You can make the changes directly using sed without using a loop:

sed 's/.*/&d/' lineNum.txt | sed -i -f - file.txt

2 Comments

nice oneliner. Based on this, I'd like to also suggest sed -n '/^[0-9][0-9]*$/{s/.*/&d/;p}' lineNum.txt | sed -i -f - file.txt to avoid problems with bad formatted lines in lineNum (particularly empty lines which would generate a stripped 'd' and delete all file content)
@GermanGarcia: Nice catch!
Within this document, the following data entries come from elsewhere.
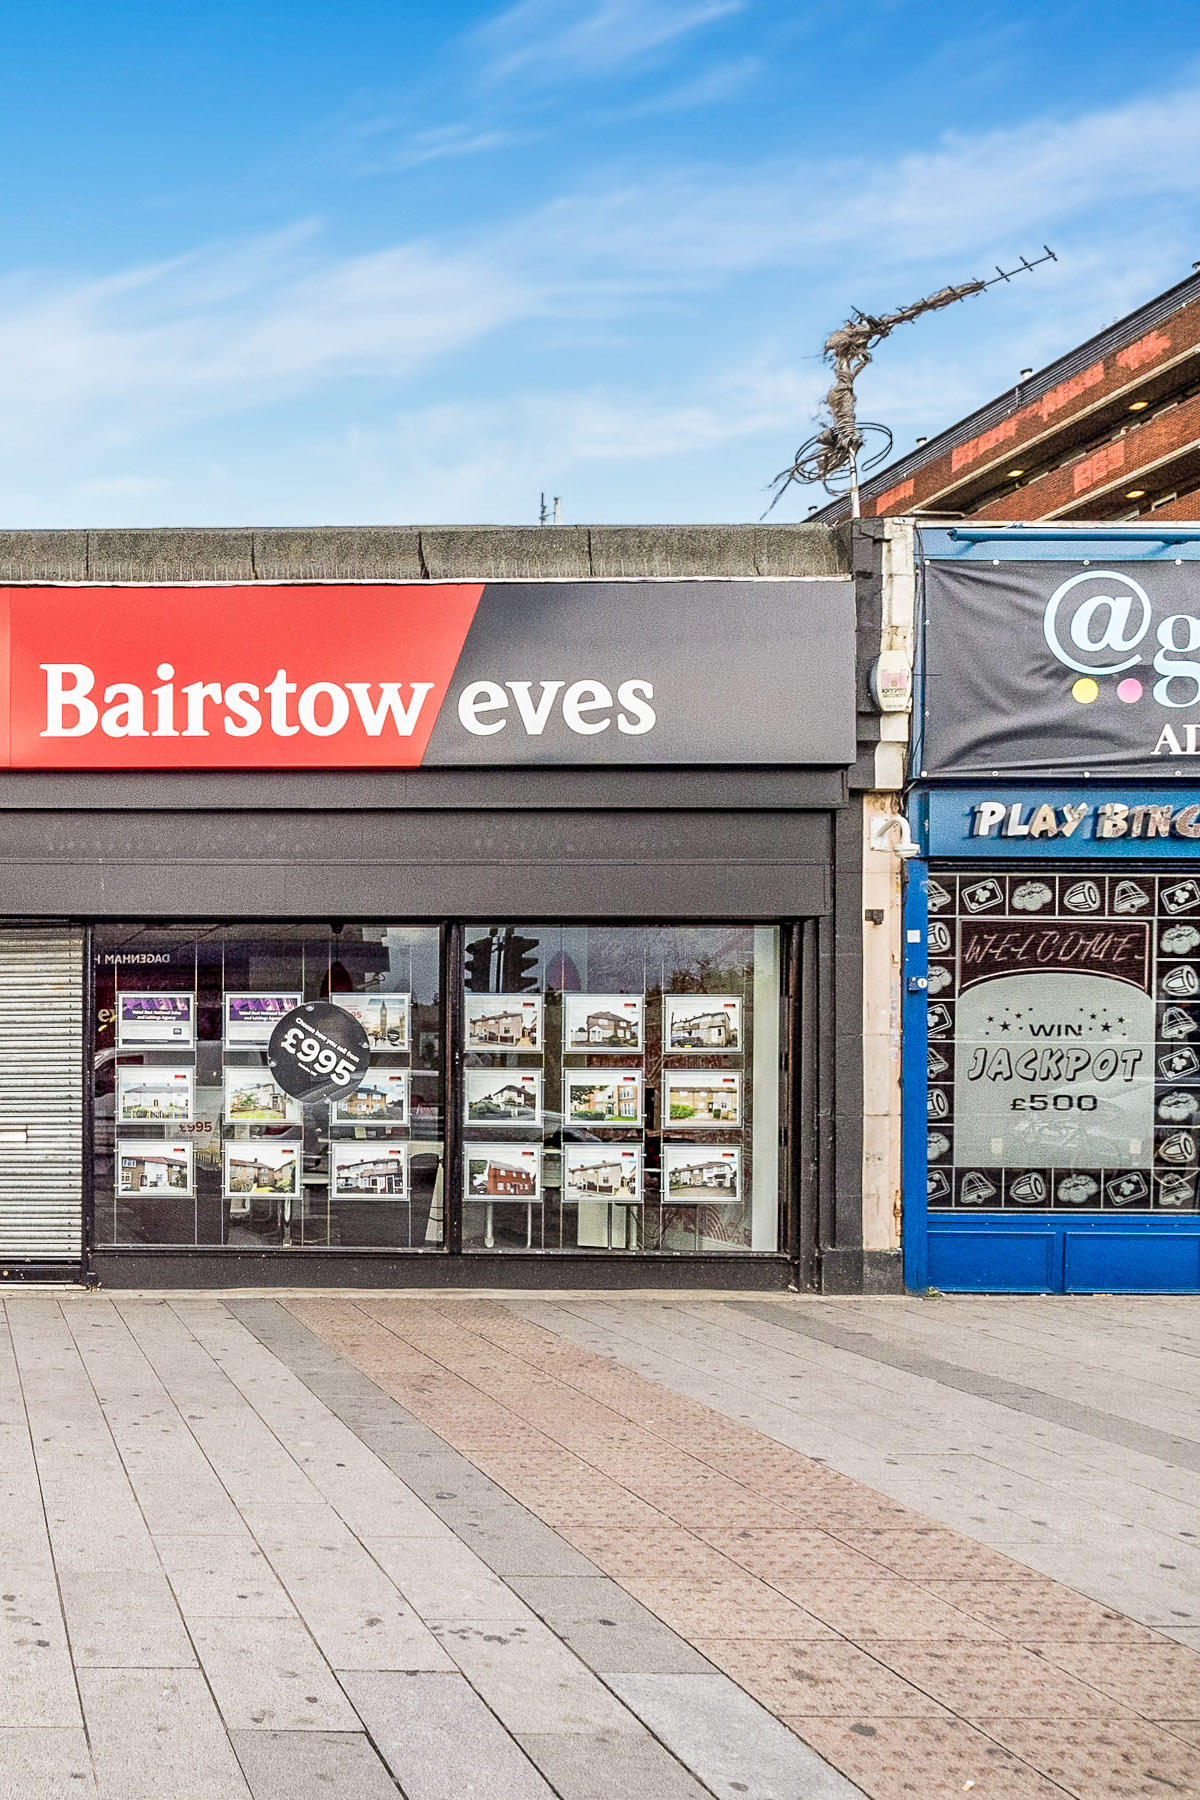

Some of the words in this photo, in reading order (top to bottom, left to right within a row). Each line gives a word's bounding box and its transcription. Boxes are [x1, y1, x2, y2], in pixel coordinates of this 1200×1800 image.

[39, 662, 435, 738] Bairstow
[457, 679, 657, 736] eves
[974, 801, 1088, 838] PLAY
[964, 931, 1142, 963] WELCOME
[281, 1028, 356, 1086] £995
[326, 1039, 337, 1049] you
[968, 1048, 1143, 1082] JACKPOT
[1010, 1094, 1098, 1111] £500
But I would expect sed -n '/^[0-9][0-9]*$/{s/$/d/;p}' lineNum.txt | sed -i -f - file.txt to be more efficient and (guessing) sed -n '/^[0-9][0-9]*$/s/$/d/p' lineNum.txt | sed -i -f - file.txt to do the same with less code. Also just out of curiousity: What would happen if a number starts with leading zeros or if a line contained just zero? Would [1-9][0-9]* be more robust?